Data supplied –
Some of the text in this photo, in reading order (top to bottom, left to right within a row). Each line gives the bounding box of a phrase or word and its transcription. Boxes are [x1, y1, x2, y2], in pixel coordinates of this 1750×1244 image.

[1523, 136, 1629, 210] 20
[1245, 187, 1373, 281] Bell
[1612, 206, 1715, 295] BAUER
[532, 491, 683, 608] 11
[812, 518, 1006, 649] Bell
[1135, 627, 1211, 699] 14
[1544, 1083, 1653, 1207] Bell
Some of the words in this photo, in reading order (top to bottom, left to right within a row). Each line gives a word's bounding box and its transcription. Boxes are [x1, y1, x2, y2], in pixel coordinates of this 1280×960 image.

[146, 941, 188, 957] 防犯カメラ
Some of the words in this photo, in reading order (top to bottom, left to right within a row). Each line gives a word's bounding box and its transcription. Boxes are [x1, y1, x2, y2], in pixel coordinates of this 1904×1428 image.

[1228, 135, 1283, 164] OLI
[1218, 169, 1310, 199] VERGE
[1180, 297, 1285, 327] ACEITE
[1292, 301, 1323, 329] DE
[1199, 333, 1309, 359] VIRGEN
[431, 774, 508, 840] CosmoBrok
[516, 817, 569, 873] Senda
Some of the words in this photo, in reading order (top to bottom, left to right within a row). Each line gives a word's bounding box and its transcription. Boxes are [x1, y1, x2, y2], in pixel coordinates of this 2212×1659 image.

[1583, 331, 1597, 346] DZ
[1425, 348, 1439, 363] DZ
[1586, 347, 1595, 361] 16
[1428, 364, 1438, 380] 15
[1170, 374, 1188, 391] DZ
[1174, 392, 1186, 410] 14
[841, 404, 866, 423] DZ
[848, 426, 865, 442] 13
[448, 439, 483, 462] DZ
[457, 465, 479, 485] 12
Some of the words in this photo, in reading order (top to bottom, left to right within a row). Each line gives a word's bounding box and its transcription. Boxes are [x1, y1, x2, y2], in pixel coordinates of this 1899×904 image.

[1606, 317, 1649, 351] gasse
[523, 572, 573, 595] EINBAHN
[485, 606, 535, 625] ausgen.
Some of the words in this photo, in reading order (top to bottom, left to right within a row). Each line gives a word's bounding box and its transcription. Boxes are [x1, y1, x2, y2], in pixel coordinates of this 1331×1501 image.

Problem details – All lines from the one with "this 1899×904 image." through the end of the records need to be copied exactly, and no other lines.

Result of the task –
Some of the words in this photo, in reading order (top to bottom, left to right within a row). Each line gives a word's bounding box and its transcription. Boxes are [x1, y1, x2, y2], in pixel coordinates of this 1899×904 image.

[1606, 317, 1649, 351] gasse
[523, 572, 573, 595] EINBAHN
[485, 606, 535, 625] ausgen.
Some of the words in this photo, in reading order (top to bottom, left to right within a row). Each line gives a word's bounding box and its transcription. Boxes are [x1, y1, x2, y2], in pixel coordinates of this 1331×1501 image.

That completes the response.